When you think about your estate plan, what do you think about adding a trust? Some people believe that a trust is only beneficial if they have many assets, but the truth is that trusts aren’t just helpful to the wealthy. Those who have property, such as a home, or significant assets can benefit from having a trust in place.
Adding a trust to your estate plan in Delaware helps you protect the assets that you’d like to pass on to your children or others. A good trust can also help reduce the risk of your assets ending up in probate or minimize the time, expense and publicity of probate proceedings.
You may benefit from a Delaware trust
In the State of Delaware, there are unique and innovative laws that help people obtain tax advantages and pass on their assets more easily. Using an irrevocable trust, which is a trust that can only be terminated or modified by a beneficiary, you can help yourself:
- Improve investment flexibility
- Protect your assets and keep them confidential
- Minimize the taxes you’ll pay on trust assets
These and other benefits are important to keep in mind.
Irrevocable trusts are highly protective because they take assets out of your name completely. Then, once they’re employed, creditors can no longer go after those assets. They also won’t typically be included in the overall value of your estate, helping you reduce your taxes and prepare to qualify for Medicaid and other benefits as you age.
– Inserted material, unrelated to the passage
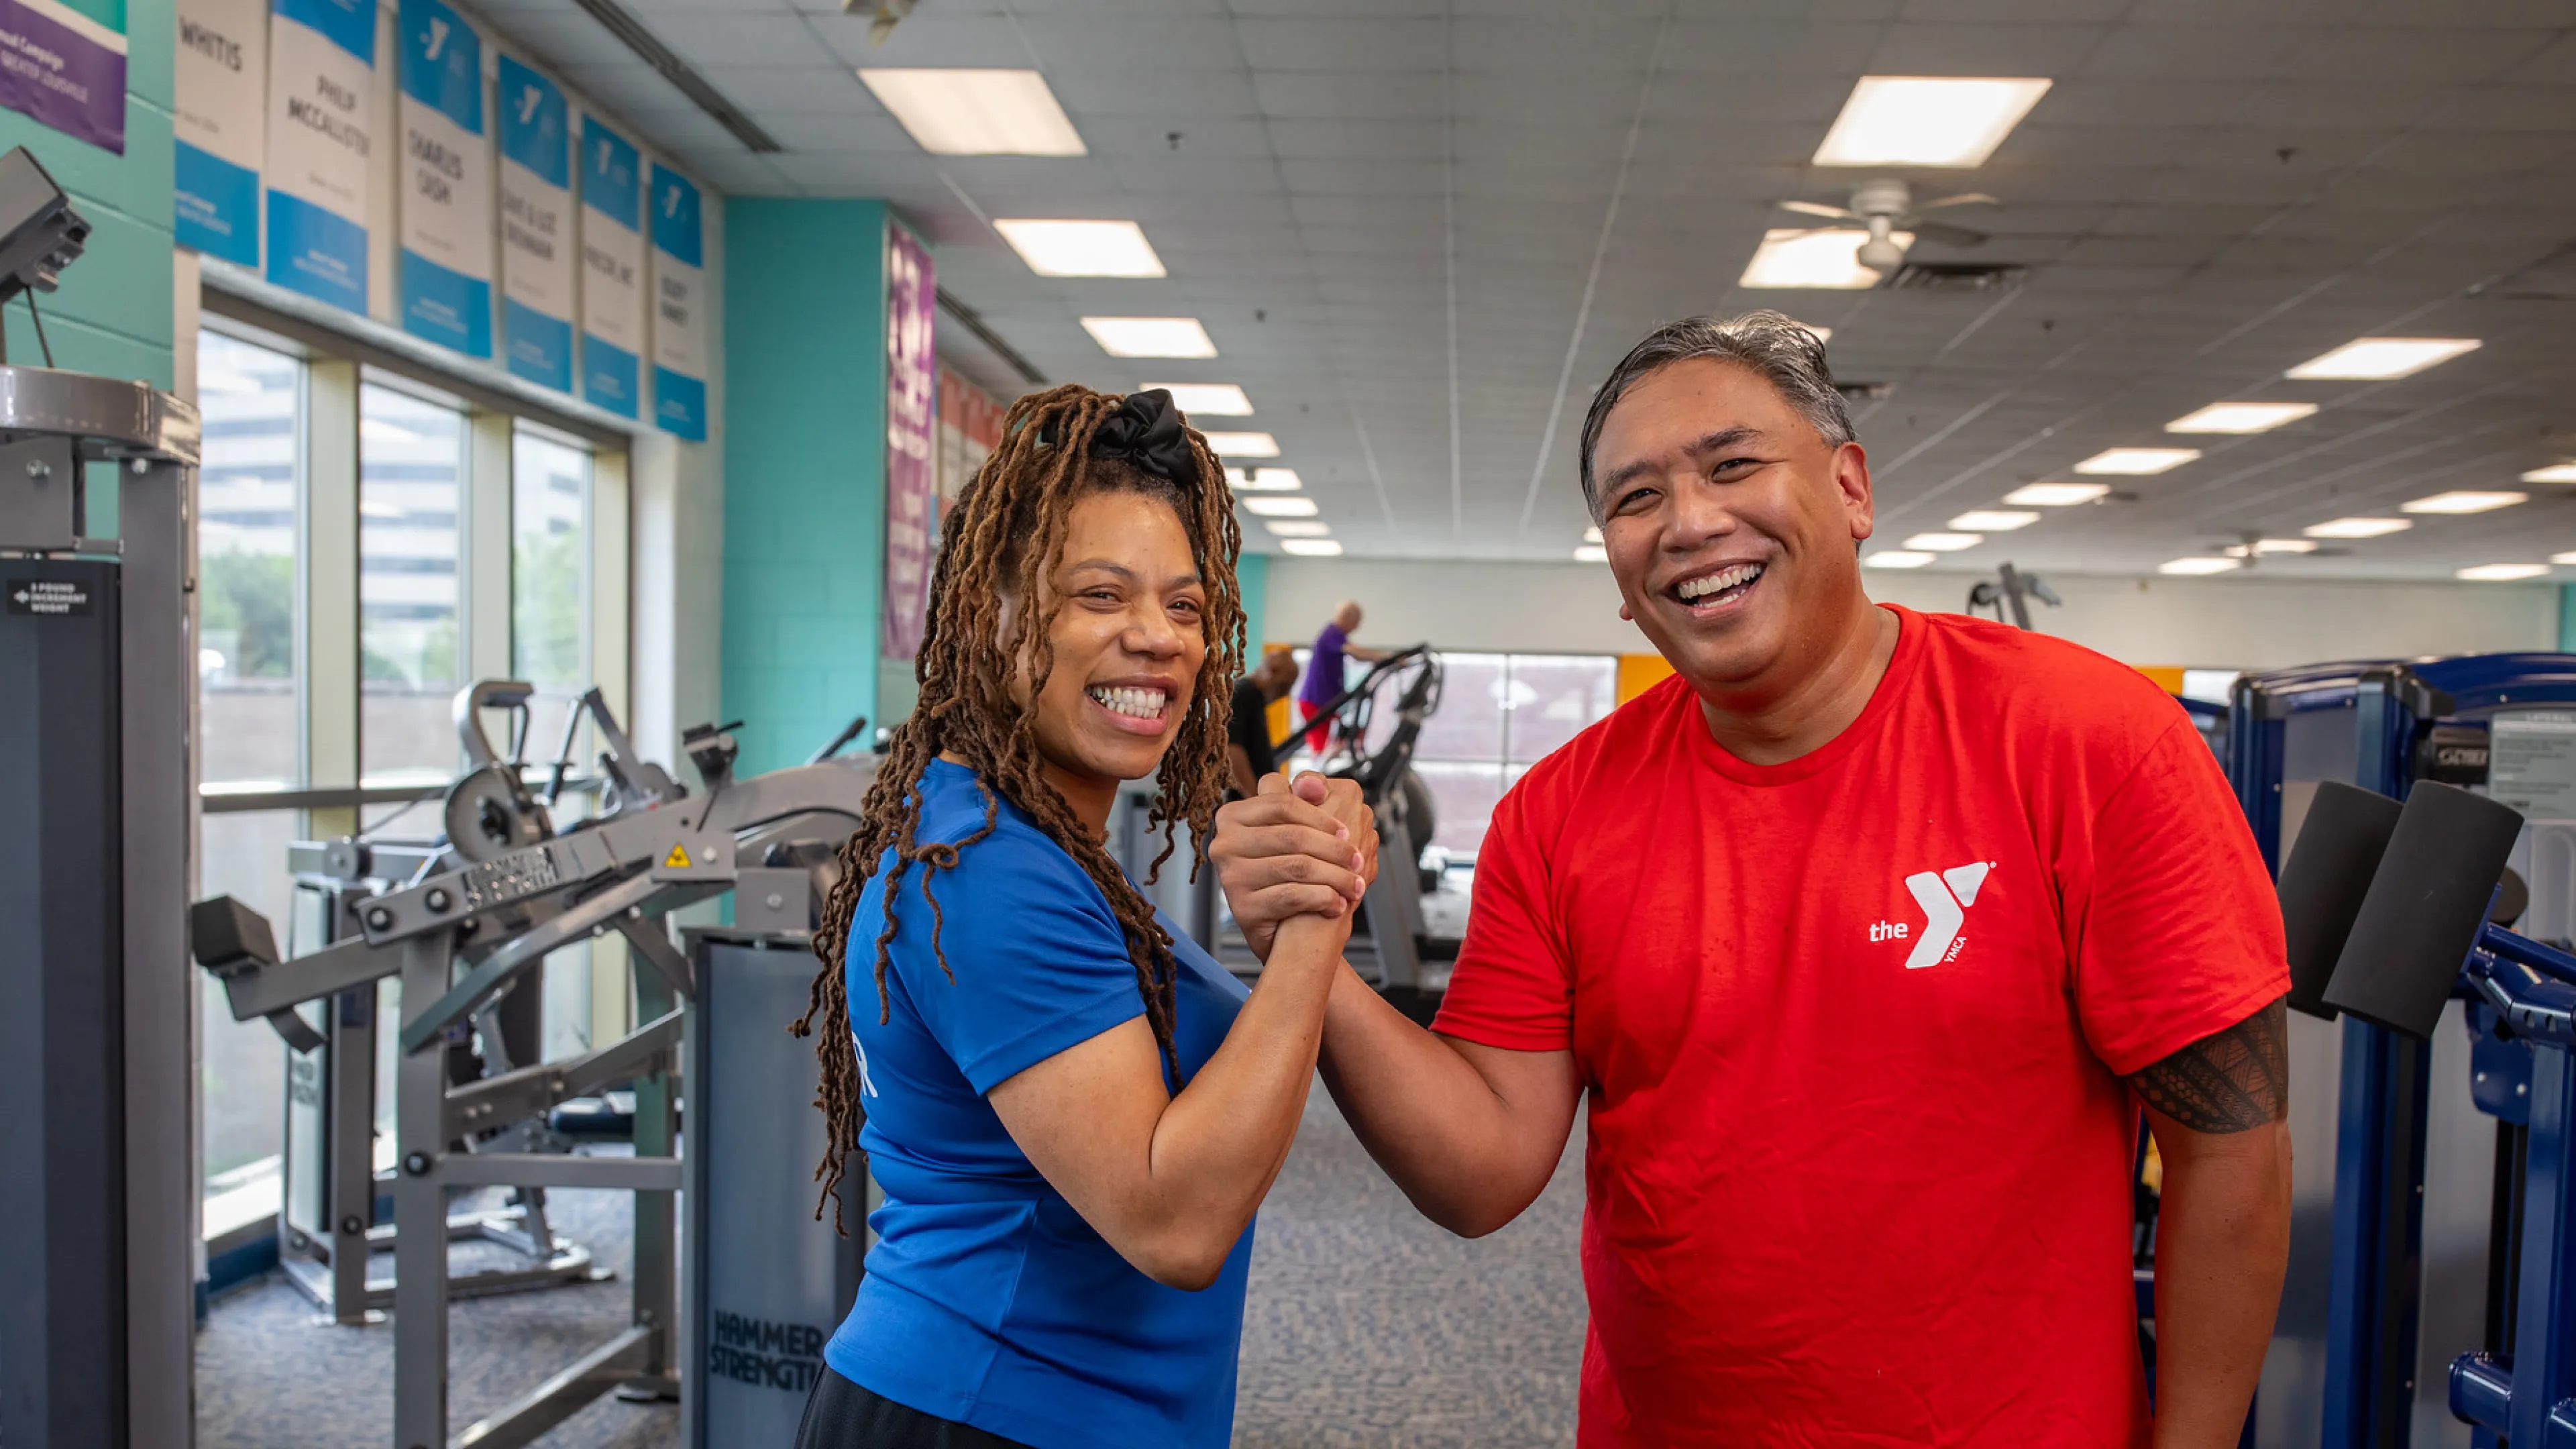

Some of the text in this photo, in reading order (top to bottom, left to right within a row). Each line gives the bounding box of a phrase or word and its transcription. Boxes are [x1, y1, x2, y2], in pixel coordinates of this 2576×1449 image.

There are many different types of trusts for you to consider, such as self-settled trusts, charitable trusts and dynasty trusts.
Why have a trust when you already have a will?
While you might already have a will in place, having a trust is a good idea. A will isn’t as protective as a trust. Wills also don’t take assets out of your name, which means that the assets in your estate will still be considered a part of your estate for the purposes of valuing the estate and repaying debts.
There is a lot to think about as you work on your estate plan. Setting up a trust is one consideration to keep in mind.